The dirty secret is that the US will probably lose either way.
Instead of absolute dollar amounts, if you compare China's military purchasing power with the US, adjusting for different labor costs and the fact that they don't include things like R&D in their military budget, then China is much closer to US spending than it appears.
Having a supply line to Asia versus China fighting close to home, that is a recipe for disaster.
Of course, even if average productivity per capita in China is half that of America, the total output will be twice as much. No one serious in Washington (or Moscow or Brussels or Beijing, etc.) believes America could win a war on China's home turf even if nukes are untouched. Same with India to a lesser extent.
It's not even a secret at all to at least millions of folks across the world. It's only the strange American media and brainwashing system that presents the idea that China can be threatened with force.
In that sense it's highly dubious Beijing is directly involved with Myanmar's current regime change. They can achieve their objectives anyways without getting their hands dirty. Of course there may be intermediaries involved that straddle both camps so it's not clear cut either.
Not to mention the US's idiotic policy of allowing Chinese nationals to work in classified defense industries. Not only is China benefitting from their own massive defense spending, they are benefiting from a significant chunk of the USA's[1]. Presumably there are many more instances where this occurs that have not been caught.
> Having a supply line to Asia versus China fighting close to home, that is a recipe for disaster.

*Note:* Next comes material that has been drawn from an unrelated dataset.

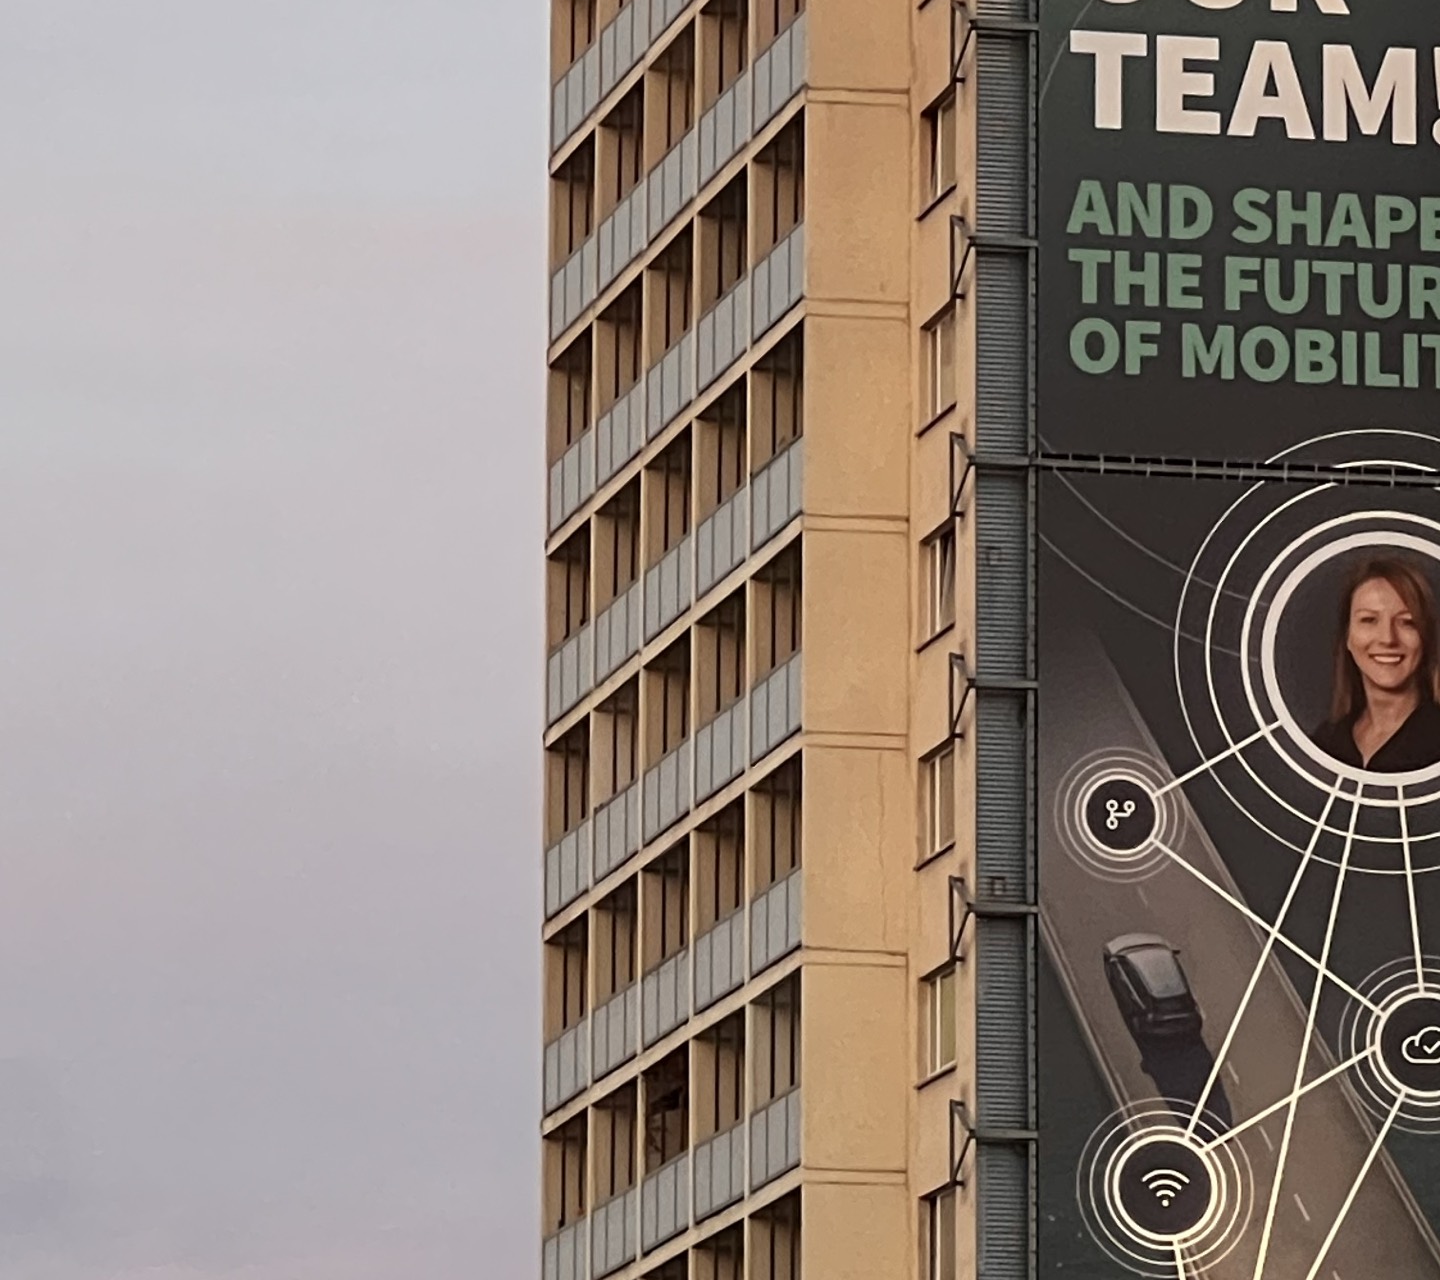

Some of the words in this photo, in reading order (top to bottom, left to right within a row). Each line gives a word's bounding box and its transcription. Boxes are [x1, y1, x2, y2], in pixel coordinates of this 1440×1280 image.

It's worth remembering that World War II was a conflict where one side was fighting on a supply line 4,000 miles long, 3,000 by sea, and the other side was fighting a hundred miles past its own borders. The supply problems in the conflict were mostly concentrated in the latter country.
I can't speak to the quality of the Chinese military, but the US military is regarded as having perhaps the single most effective military logistics in world history.
"The Other Side" was fighting on four fronts at their borders, and had supply lines a thousand miles long on ground, with maybe a quarter of the material and manpower.
If you know anything about logistics you'd conclude that the latter had a much harder logistical challenge, especially since the Axis didn't have much of an Atlantic Navy.
The issue of a US v China confrontation is that this won't repeat. The US will not be able to go unopposed in the seas, and it will have to supply with non-naval means.
Also, it's worth remembering that in the case you're talking about, the US against the Axis in Europe, the US was not a major or deciding force, which is a major part of why it was able to afford such extended supply lines. In an alternative scenario where the rest of the Allies were so weak as that the US was the dominant power in the conflict, maintaining those supply lines would have been incredibly difficult.
Germany's logistics problems started cropping up in late 1941 during Operation Barbarossa, which failed largely because of logistical supply operations. At that time, the only other significant front would be the North African front, which wasn't really competing with Barbarossa for logistical support (North Africa being limited to trans-Mediterranean shipping availability, which the British were doing a passable job of interdicting).
> "The Other Side" was fighting on four fronts at their borders, and had supply lines a thousand miles long on ground
Do remember that it's basically fighting the same enemy on all the fronts (who have the same this-is-not-close issue as Germany). In the one case where it's different, keep in mind that Soviet factories were moved east of the Urals to places like Novosibirsk, which is further from Moscow than Berlin is to Moscow.
> the US against the Axis in Europe, the US was not a major or deciding force
The US was about ½-⅔ the total force in Western Front. While the Western Front was smaller than the Eastern Front, the US also played a major role in the supply chain of the USSR--virtually all of the trucks and trains that kept the USSR's war economy running were supplied by the US, which was also supplying Chang Kai-Shek via The Hump (although Britain was responsible for those logistics), while meanwhile reconquering the Philippines and other Pacific islands from the Japanese. And don't forget, most of the US manufacturing is several hundred miles from the coasts (the Great Lakes don't count for transoceanic shipping purposes).
Instead of absolute dollar amounts, if you compare China's military purchasing power with the US, adjusting for different labor costs and the fact that they don't include things like R&D in their military budget, then China is much closer to US spending than it appears.
Having a supply line to Asia versus China fighting close to home, that is a recipe for disaster.